◆ Work item
Would you return the records below character for character, without any images?

(Collected data)
^^^^^^^^

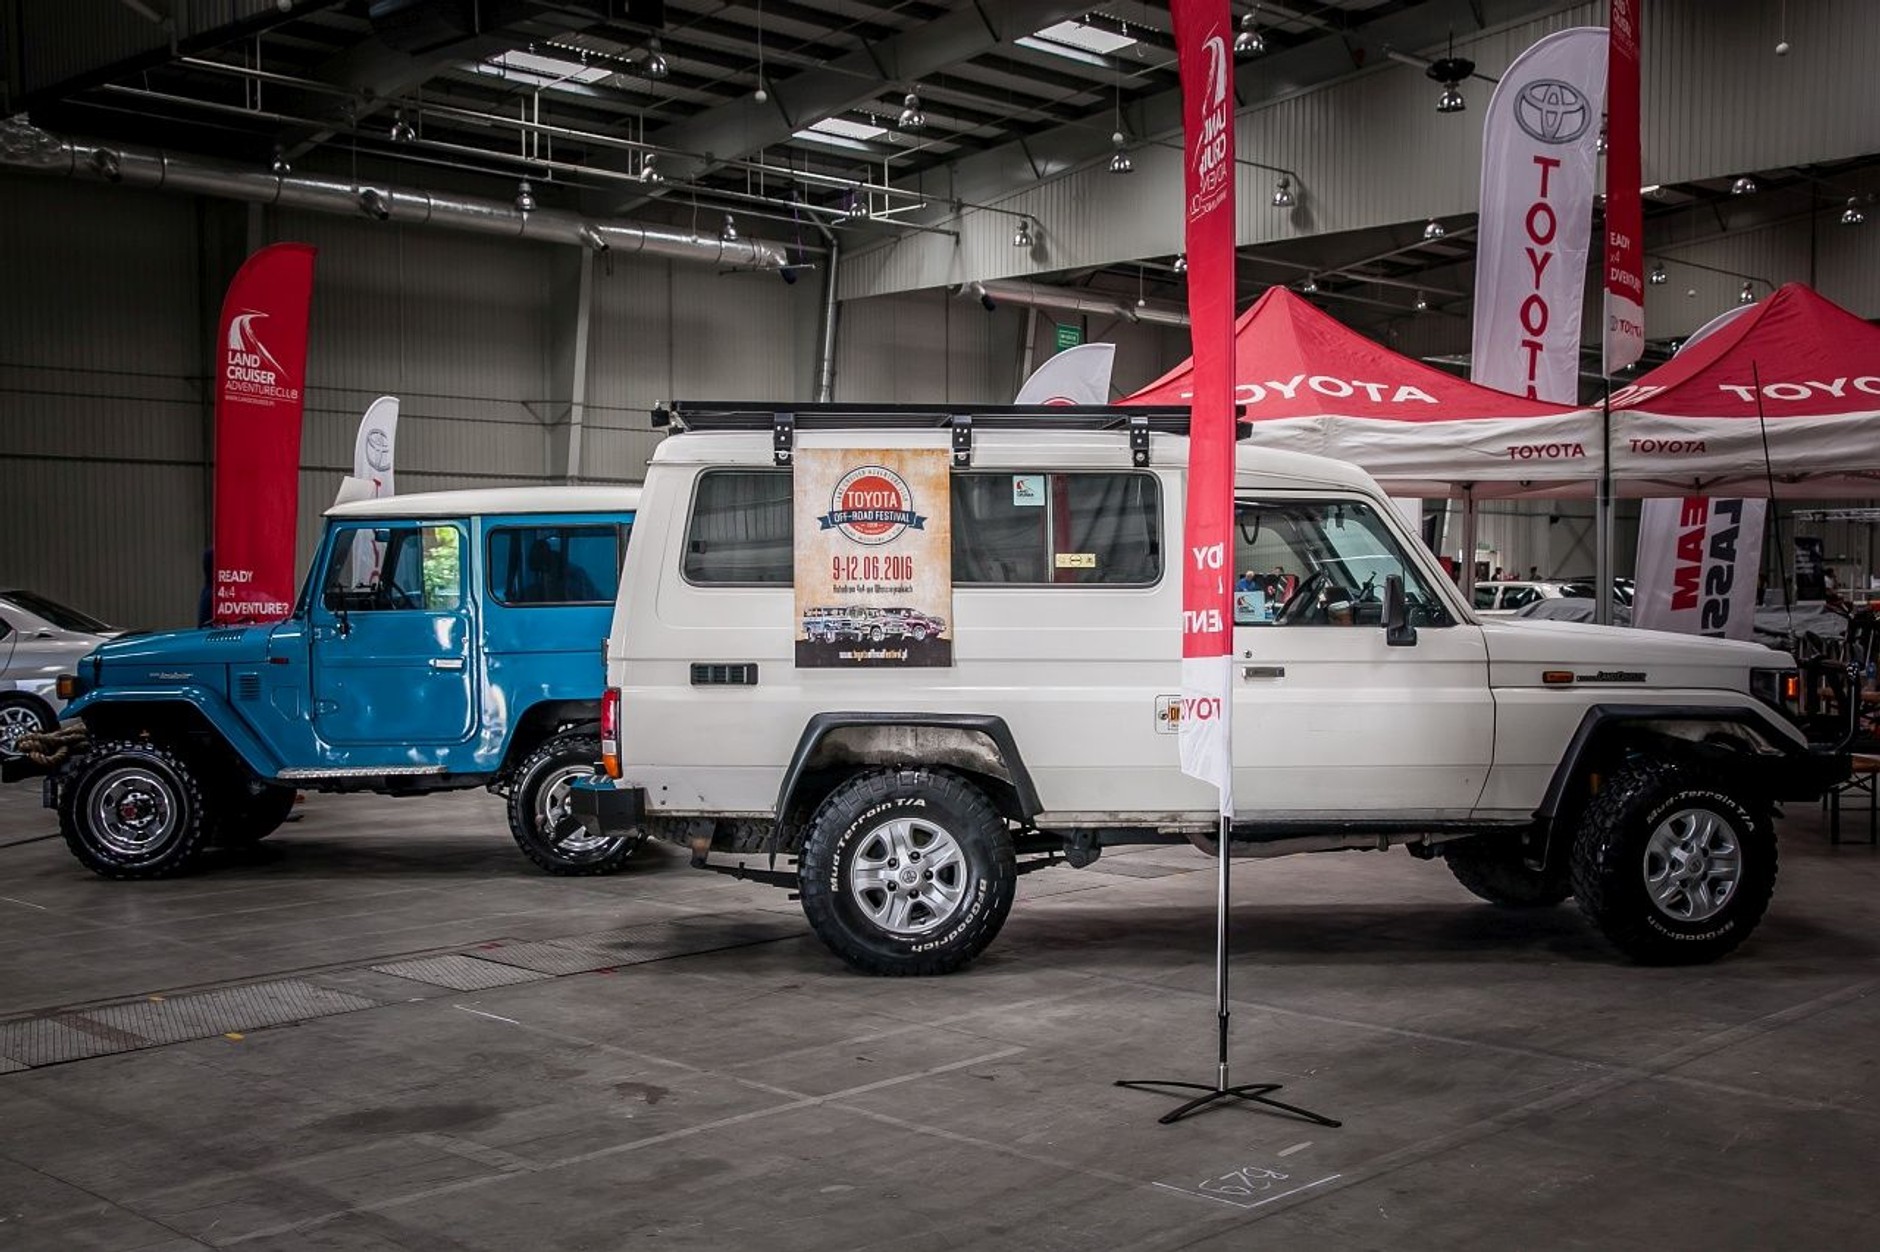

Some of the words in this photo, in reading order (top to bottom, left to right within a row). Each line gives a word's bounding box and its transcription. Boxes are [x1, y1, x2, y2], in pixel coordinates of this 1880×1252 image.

[1610, 232, 1631, 251] EADY
[228, 351, 260, 368] LAND
[227, 366, 276, 385] CRUISER
[1181, 374, 1439, 404] OYOTA
[1507, 443, 1586, 460] TOYOTA
[1629, 438, 1707, 454] TOYOTA
[847, 490, 898, 508] TOYOTA
[834, 510, 874, 523] OFF-ROAD
[875, 511, 910, 523] FESTIVAL
[218, 569, 253, 583] READY
[832, 556, 912, 581] 9-12.06.2016
[217, 602, 289, 615] ADVENTURE?
[831, 802, 892, 892] Mud-Terrain
[894, 798, 926, 808] T/A
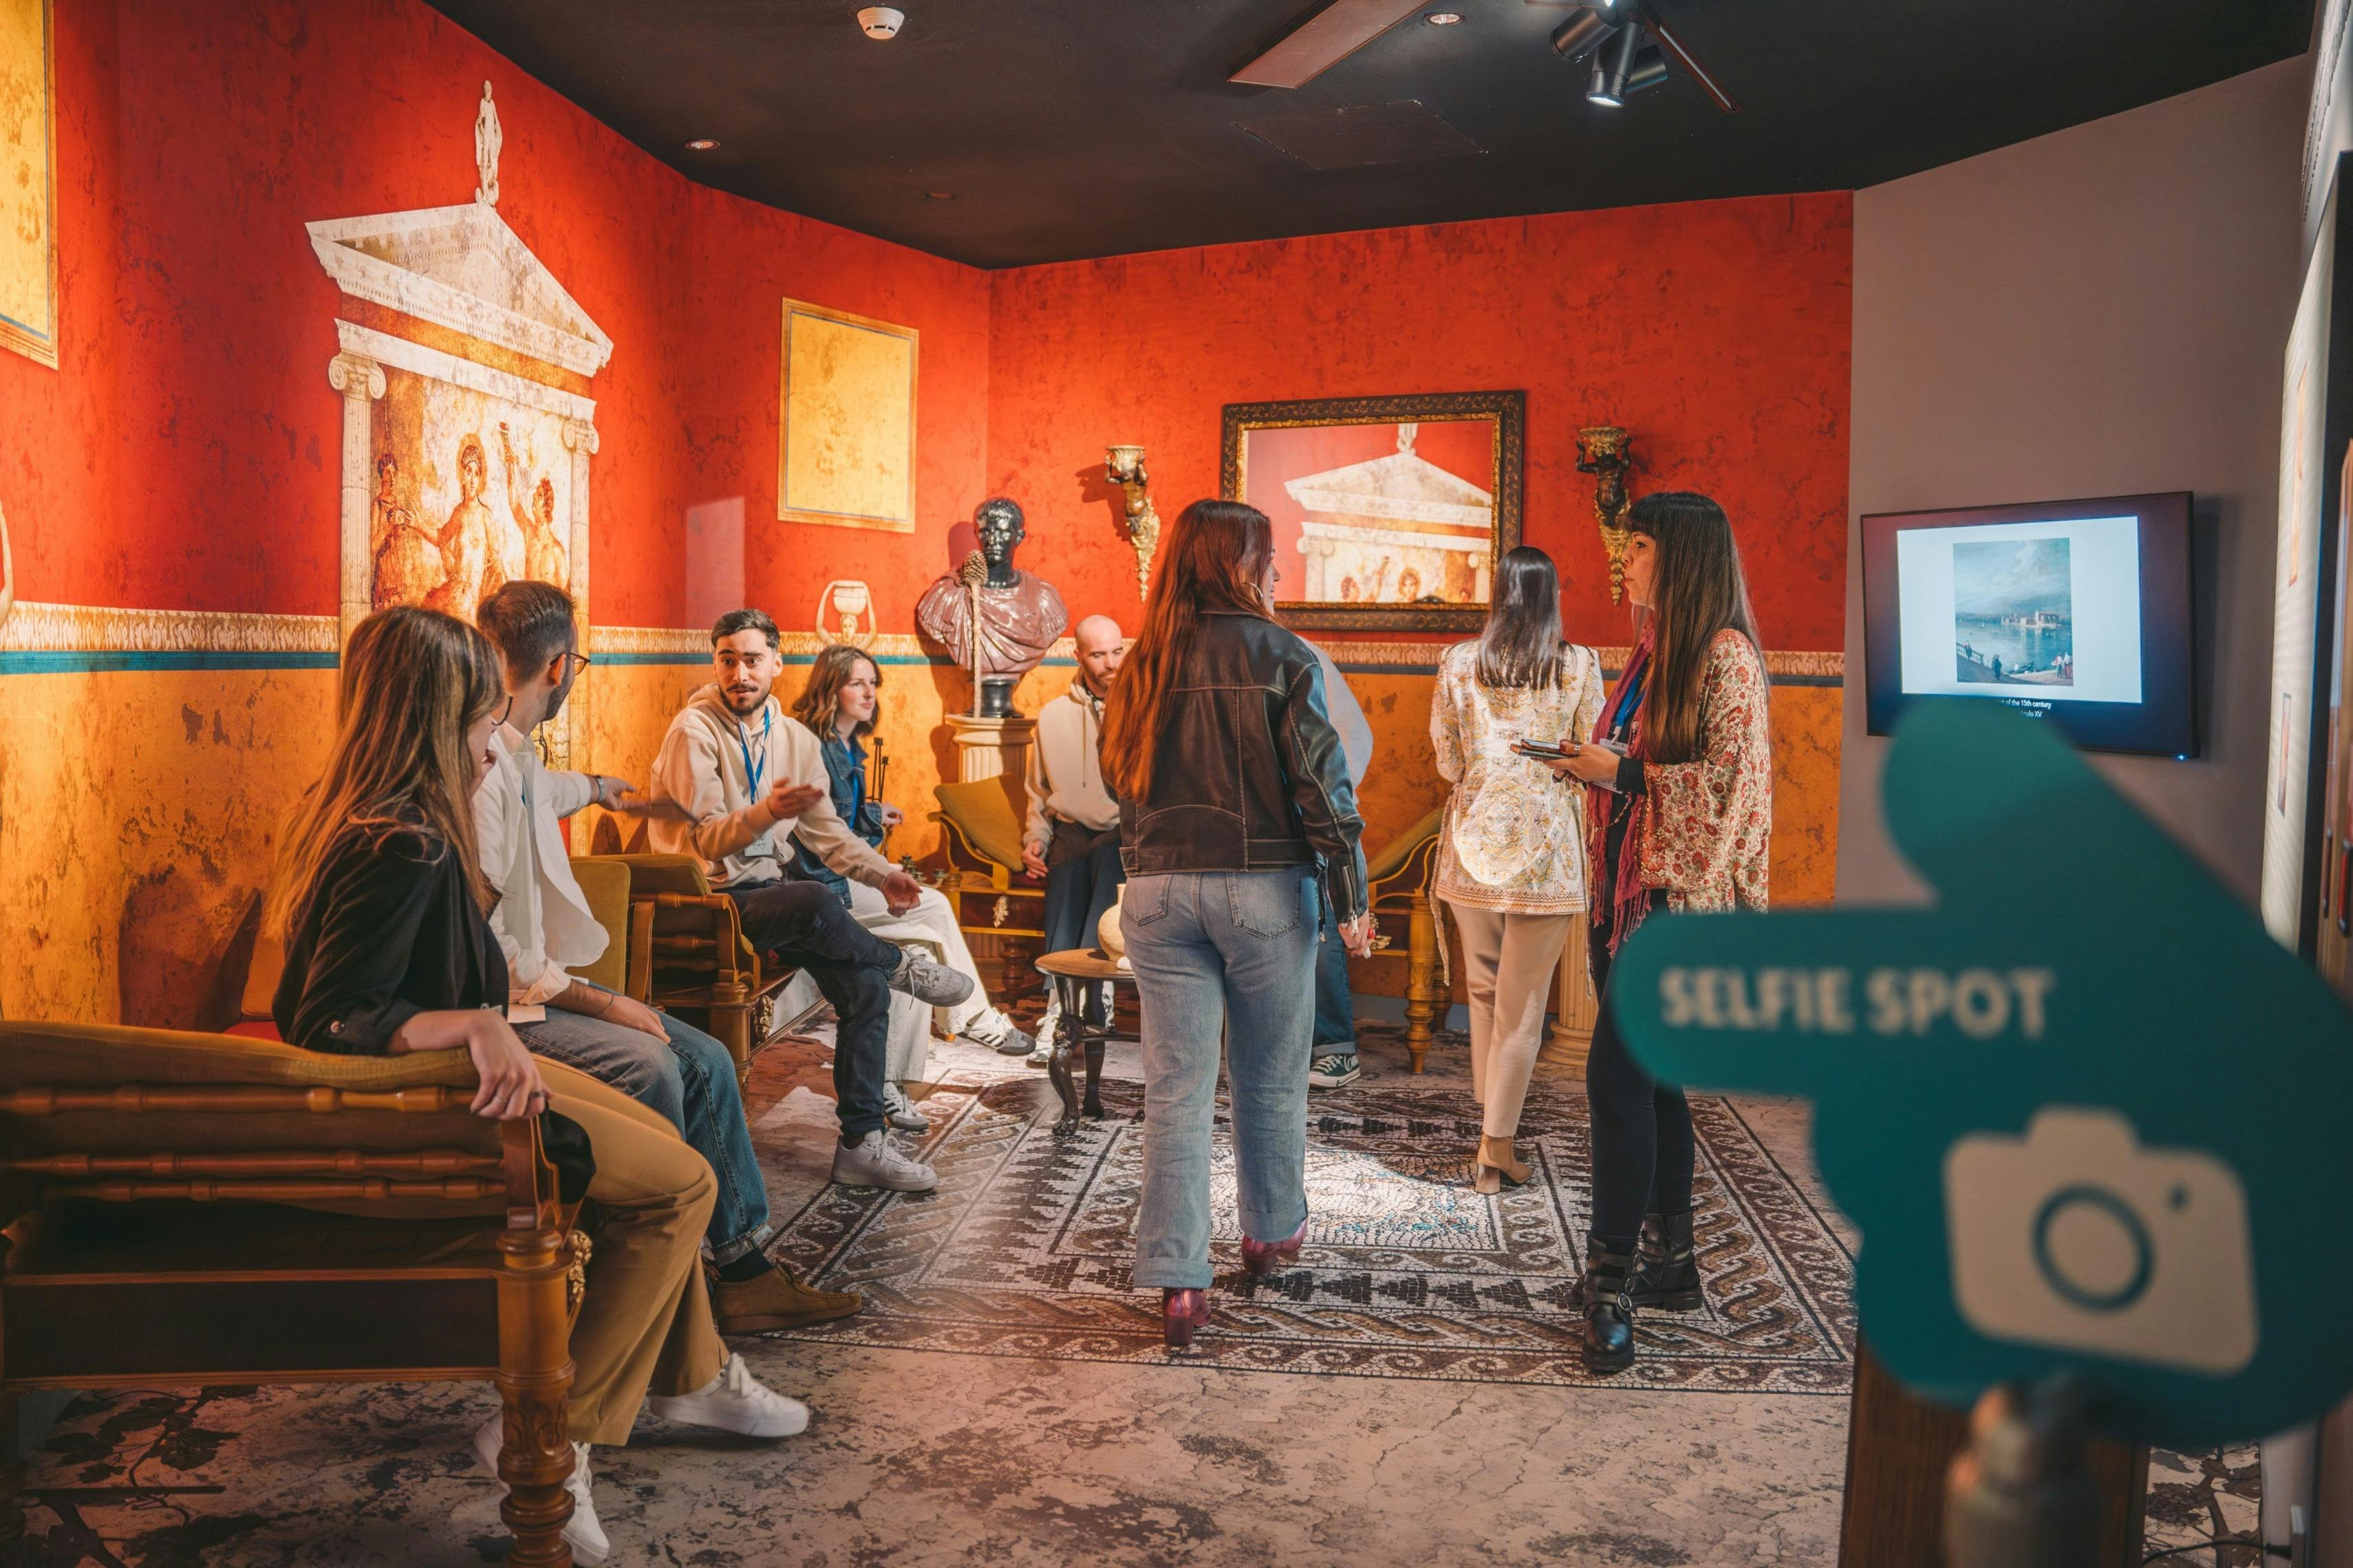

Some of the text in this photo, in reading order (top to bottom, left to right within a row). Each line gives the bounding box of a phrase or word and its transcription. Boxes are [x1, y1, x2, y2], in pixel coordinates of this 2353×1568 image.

[2033, 701, 2052, 709] century
[1659, 967, 2052, 1040] SELFIE SPOT

^^^^^^^^

◆ Task result
Some of the words in this photo, in reading order (top to bottom, left to right within a row). Each line gives a word's bounding box and its transcription. Boxes are [x1, y1, x2, y2], in pixel coordinates of this 1880×1252 image.

[1610, 232, 1631, 251] EADY
[228, 351, 260, 368] LAND
[227, 366, 276, 385] CRUISER
[1181, 374, 1439, 404] OYOTA
[1507, 443, 1586, 460] TOYOTA
[1629, 438, 1707, 454] TOYOTA
[847, 490, 898, 508] TOYOTA
[834, 510, 874, 523] OFF-ROAD
[875, 511, 910, 523] FESTIVAL
[218, 569, 253, 583] READY
[832, 556, 912, 581] 9-12.06.2016
[217, 602, 289, 615] ADVENTURE?
[831, 802, 892, 892] Mud-Terrain
[894, 798, 926, 808] T/A

Some of the text in this photo, in reading order (top to bottom, left to right within a row). Each line gives the bounding box of a phrase or word and its transcription. Boxes are [x1, y1, x2, y2], in pixel coordinates of this 2353×1568 image.

[2033, 701, 2052, 709] century
[1659, 967, 2052, 1040] SELFIE SPOT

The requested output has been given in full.